World-renowned pianist and composer Samora Pinderhughes has performed in venues including the White House, the Blue Note, MoMA, the Sundance Film Festival, Monterey Jazz Festival, and Carnegie Hall, and has toured internationally with artists including Branford Marsalis, Christian Scott, Jose James, Harvey Mason, and Emily King. Pinderhughes was raised in the Bay Area and moved to New York to study jazz at The Juilliard School. He is the director and creator of The Transformations Suite, an acclaimed project combining music, theatre, and poetry to examine the radical history of resistance within the communities of the African Diaspora. Pinderhughes’ other projects include: I’m Still Here: Letters on Trauma & Healing (Institute for Arts and Civic Dialogue); The James Baldwin Essays: Examining the American Dream Narrative commissioned by Harlem Stage; The Migration of Protest: Meditations on Jacob Lawrence for the Museum of Modern Art; and Billy Strayhorn: The Music of the Sutherland Period for the Kennedy Center and the Smithsonian Museum of American Art.

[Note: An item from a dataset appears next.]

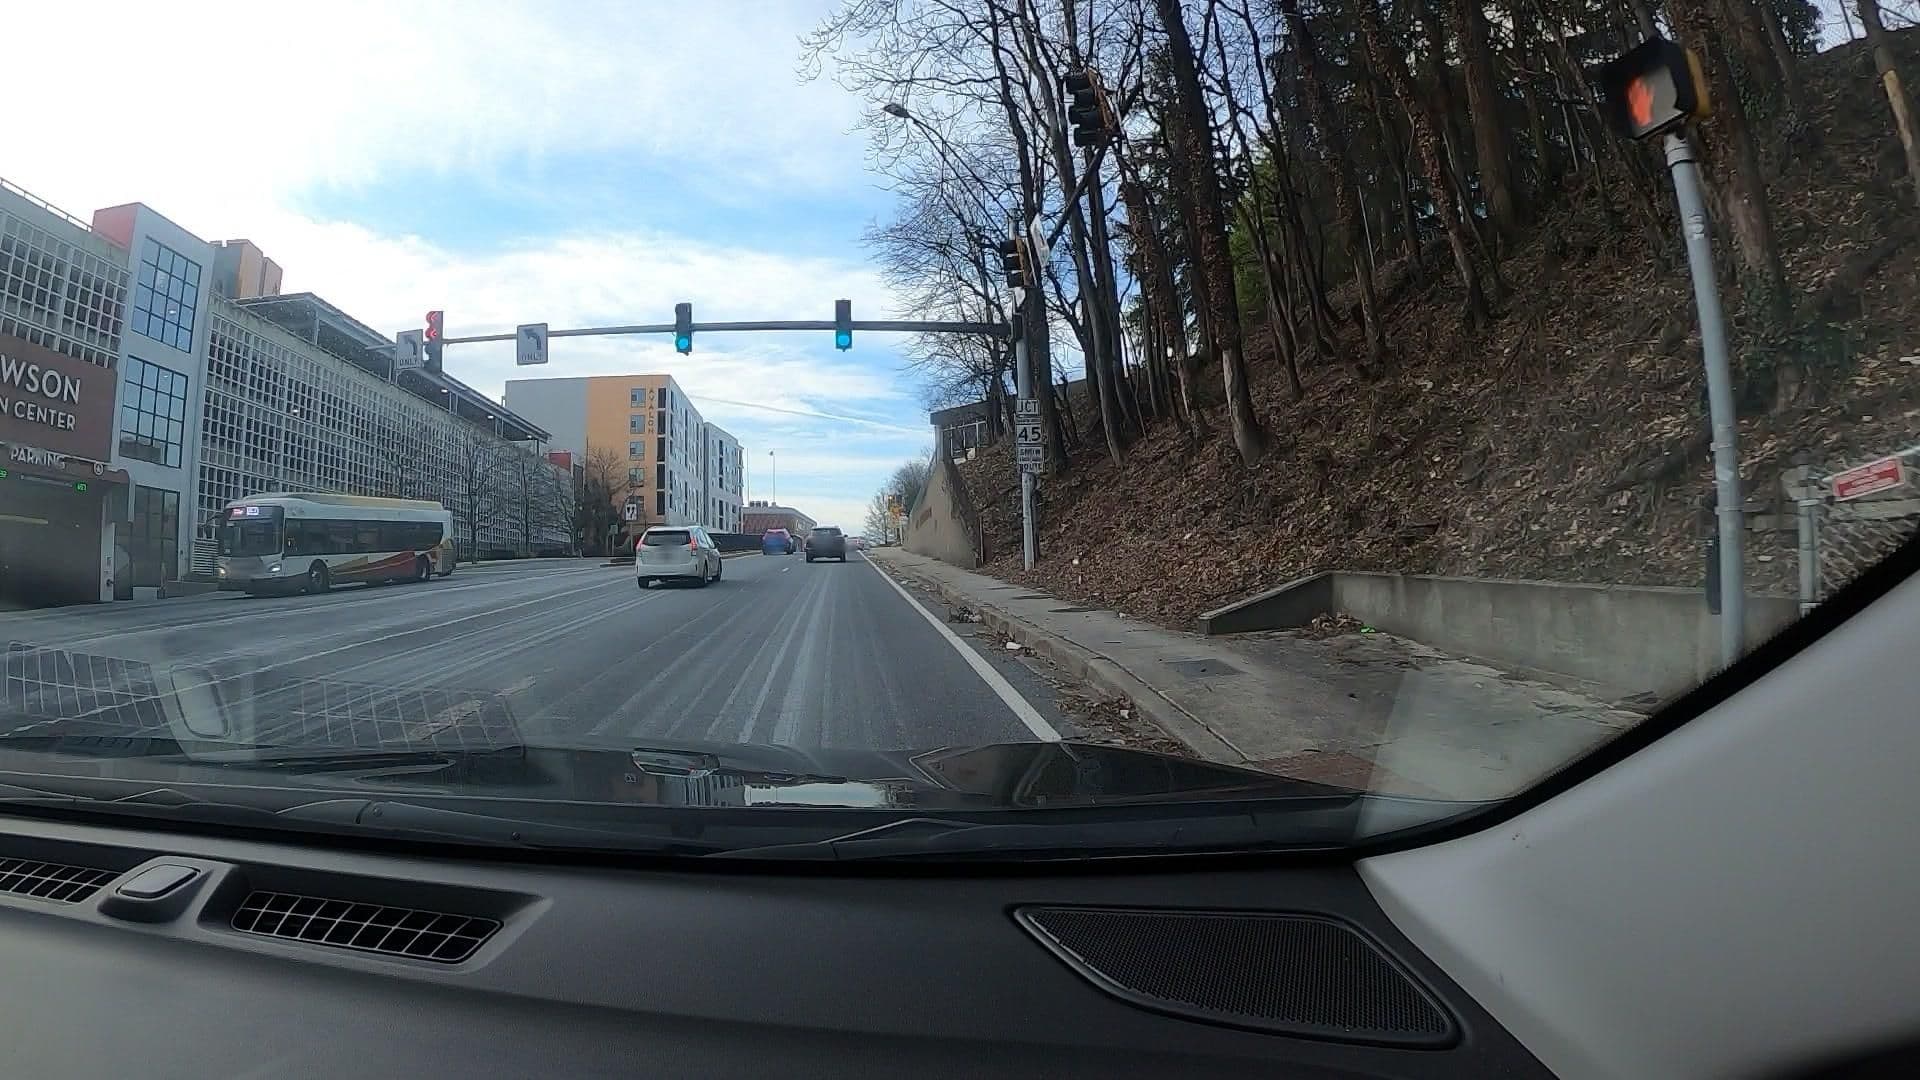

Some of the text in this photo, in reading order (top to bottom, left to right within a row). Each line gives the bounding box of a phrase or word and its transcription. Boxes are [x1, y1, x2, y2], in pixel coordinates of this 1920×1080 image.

Pinderhughes is a Sundance Institute Composers Lab Fellow for film scoring. He is also a member of Blackout for Human Rights and was musical director for their 2016 #MLKNow and #JusticeForFlint events.

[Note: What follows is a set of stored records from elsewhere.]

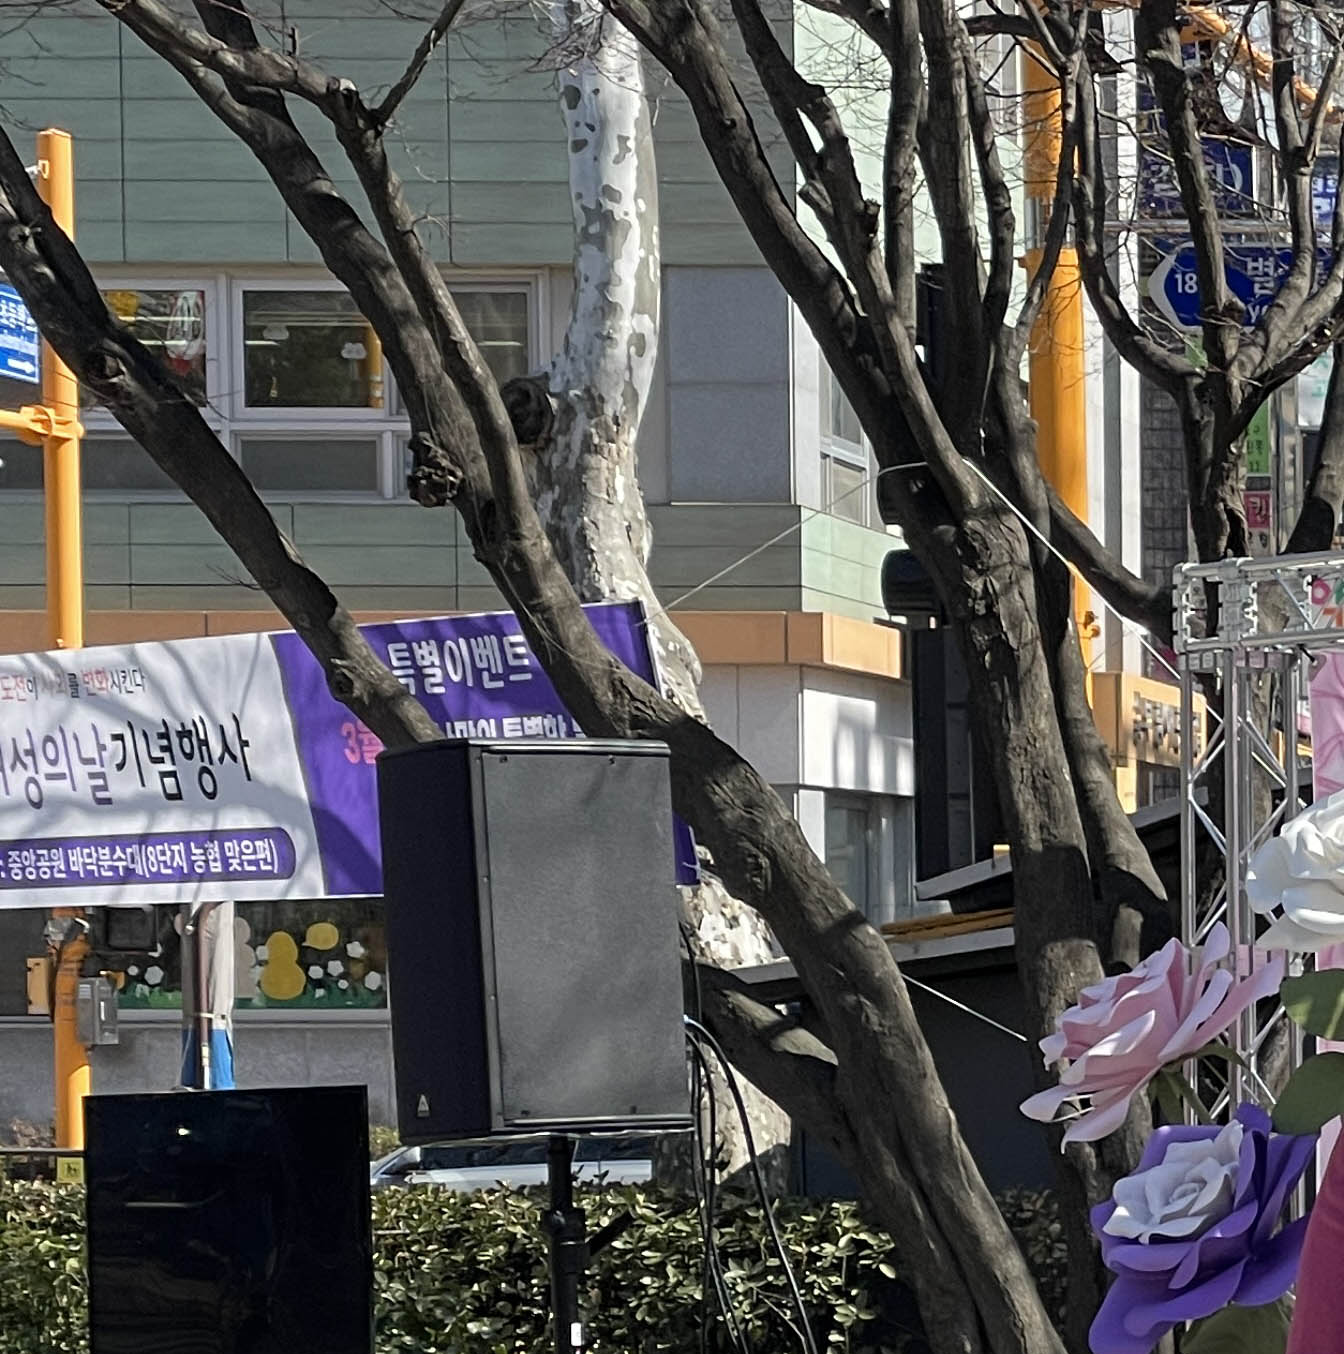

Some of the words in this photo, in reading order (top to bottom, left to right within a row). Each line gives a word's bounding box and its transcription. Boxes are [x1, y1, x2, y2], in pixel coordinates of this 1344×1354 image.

[81, 667, 146, 697] 변화시킨다
[387, 635, 532, 696] 특별이벤트
[8, 848, 67, 881] 중앙공원
[190, 840, 222, 873] 농협
[224, 837, 279, 874] 맞은편)

Simone is a photographer, filmmaker, and singer/songwriter currently based in Brooklyn, New York. She produced, shot, and edited the day-in-the-life documentary series Hour by Hour, featured in blogs such as AfroPunkBlavity, and ThisIs50. In the summer of 2014 Simone was selected alongside 8 other finalists to participate in Mountain Dew's Open Call Contest, judged by filmmaker Robert Rodriguez. She entered and ultimately won her second filmmaking competition, Reel 13's Shorts Contest; her winning short You Made Me Do This later aired on PBS’ Channel Thirteen. With the increasing number of acts of police violence against Black Americans, Simone found a way to combine her love for filmmaking and photography with her compassion for social justice. In October 2014 she travelled to Ferguson to document Ferguson OctoberA couple of months later Simone teamed up with the founders of Millions March NYC to help with outreach and document the historic march. And in April of 2015 she travelled to Baltimore to cover the protests during the Baltimore Uprising. Her photographs were later featured in The Baltimore Sun. Simone is a graduate of Parsons the New School for Design with a BBA in Strategic Design and Management. 


Jonathan is a New York-based writer and educational advocate committed to telling the stories of Black experience through teaching and activating the voices of the next generation. He is a 2013 Columbia University Reading and Writing Project Fellow and Thurgood Marshall Teaching Fellow. Jonathan’s work has been featured in Vibe, Blavity, and The Fresh Express. Prior to moving to New York he spent several years teaching in Washington DC middle schools. As a Humanities teacher, Jonathan focused his instruction on fusing together social justice and creative writing, helping to redesign the network-wide curriculum by placing the Black experience at the center. His first middle school poetry slam team went on to win the Washington DC city-wide championship in 2014 for their poem “Got My Hands Up,” dedicated to the memory of Mike Brown. Jonathan’s activism began early as an ambassador for the nationwide We Are Greater Than AIDS campaign to fight the spread of HIV/AIDS in communities of color. He led one of the largest citywide testing drives in the state of Georgia, testing over 1,000 people.